━━━ Exercise material

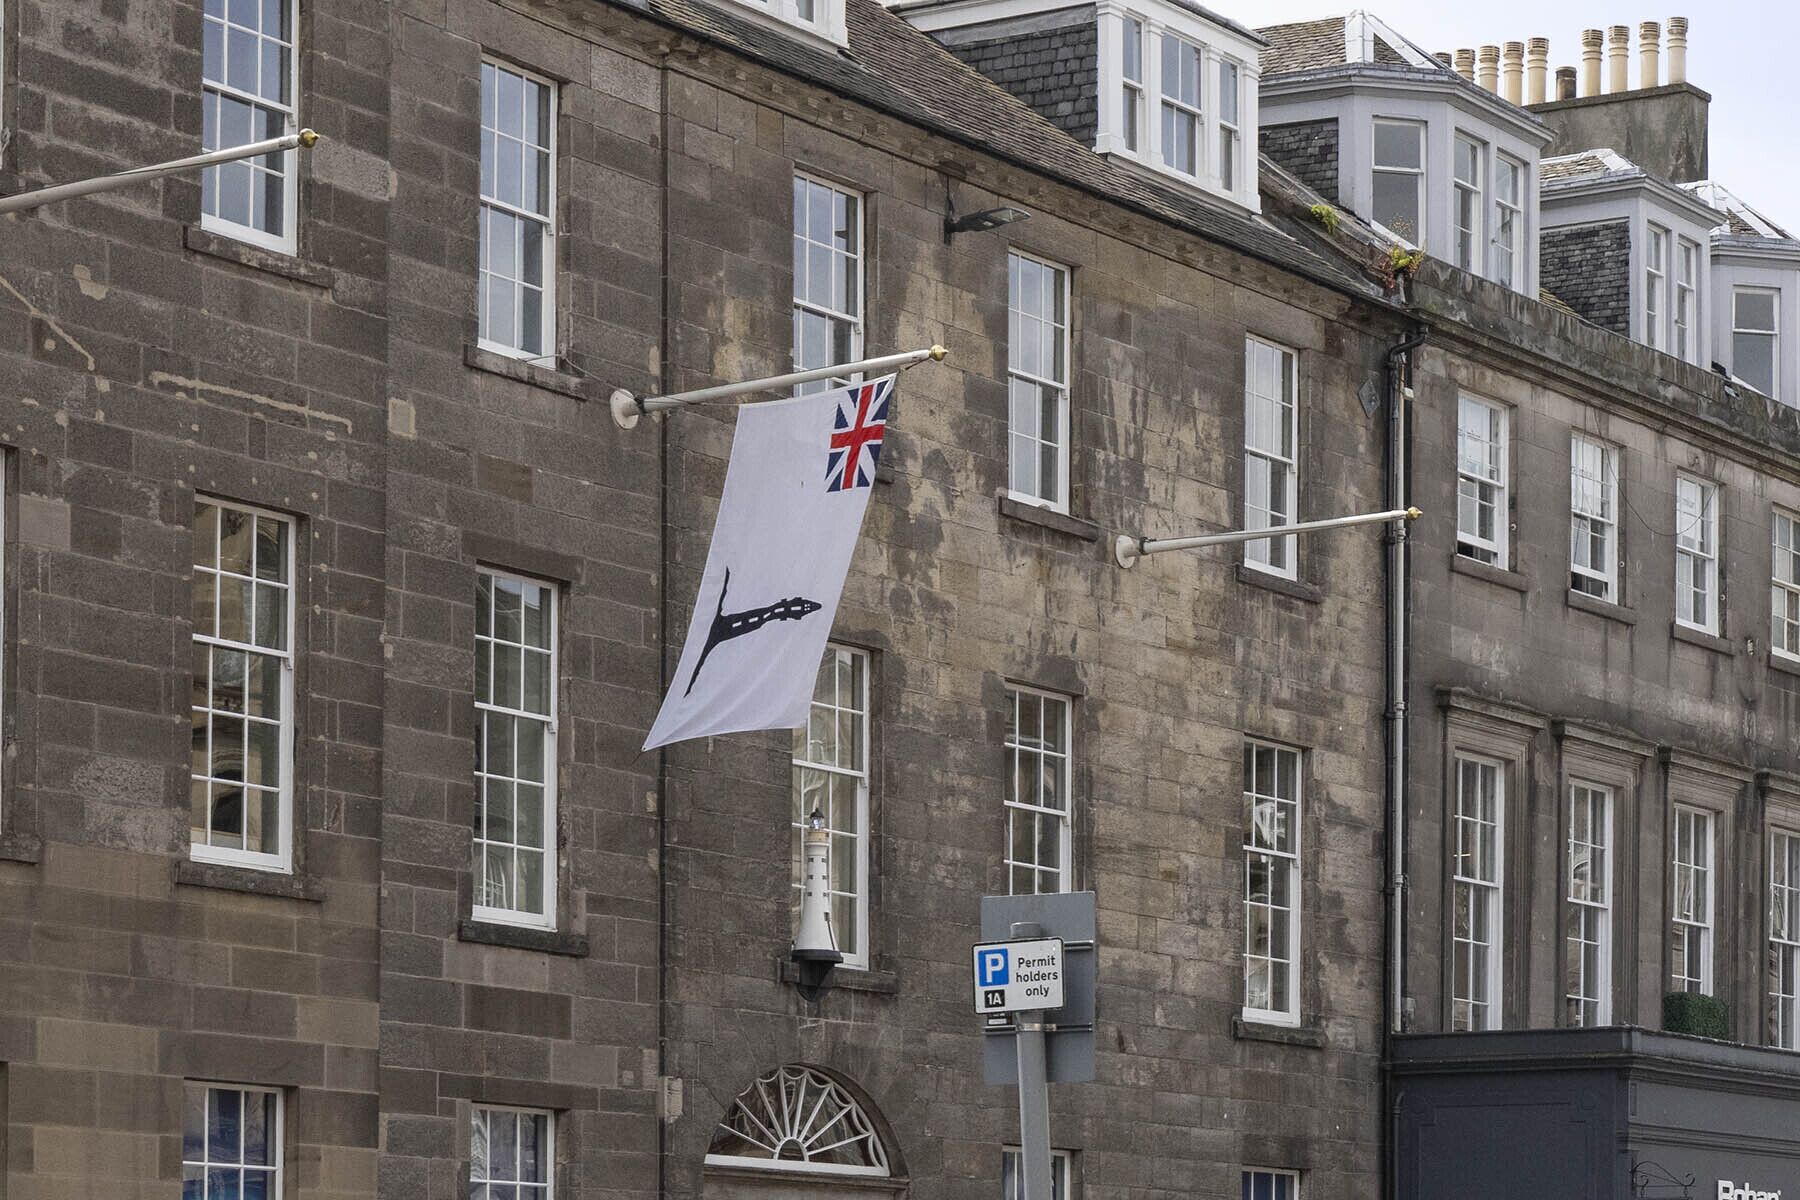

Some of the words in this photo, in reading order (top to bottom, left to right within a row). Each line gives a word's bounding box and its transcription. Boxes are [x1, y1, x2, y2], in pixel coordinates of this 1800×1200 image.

[985, 953, 1004, 983] P
[1018, 955, 1056, 968] Permit
[1016, 971, 1058, 982] holders
[1025, 984, 1049, 997] only
[987, 993, 1002, 1005] 1A
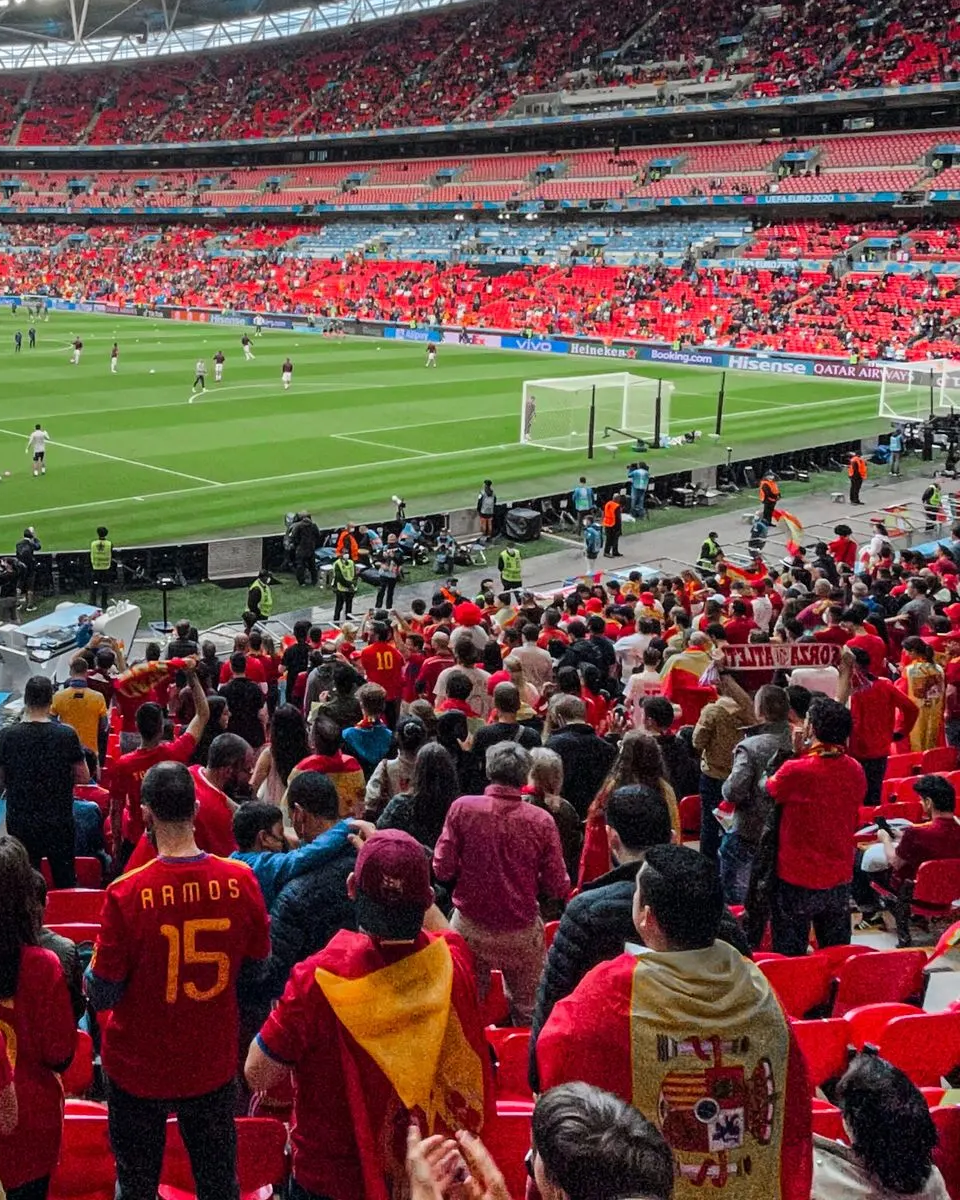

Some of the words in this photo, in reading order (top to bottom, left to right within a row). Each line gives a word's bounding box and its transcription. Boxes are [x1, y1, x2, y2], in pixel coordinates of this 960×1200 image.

━━━━━━

▶ Problem requirements
Pictures omitted, give the entries again exactly.

▶ Your solution
Some of the words in this photo, in reading order (top to bottom, left to right within a row). Each line gives a word's bounding box and its transcription. Boxes are [x1, y1, x2, y2], in pixel coordinates of this 1800×1200 image.

[985, 953, 1004, 983] P
[1018, 955, 1056, 968] Permit
[1016, 971, 1058, 982] holders
[1025, 984, 1049, 997] only
[987, 993, 1002, 1005] 1A

Some of the words in this photo, in reading order (top to bottom, left to right within a row). Each line gives a word's bounding box and its transcription. Boxes are [x1, y1, x2, y2], in pixel coordinates of this 960×1200 image.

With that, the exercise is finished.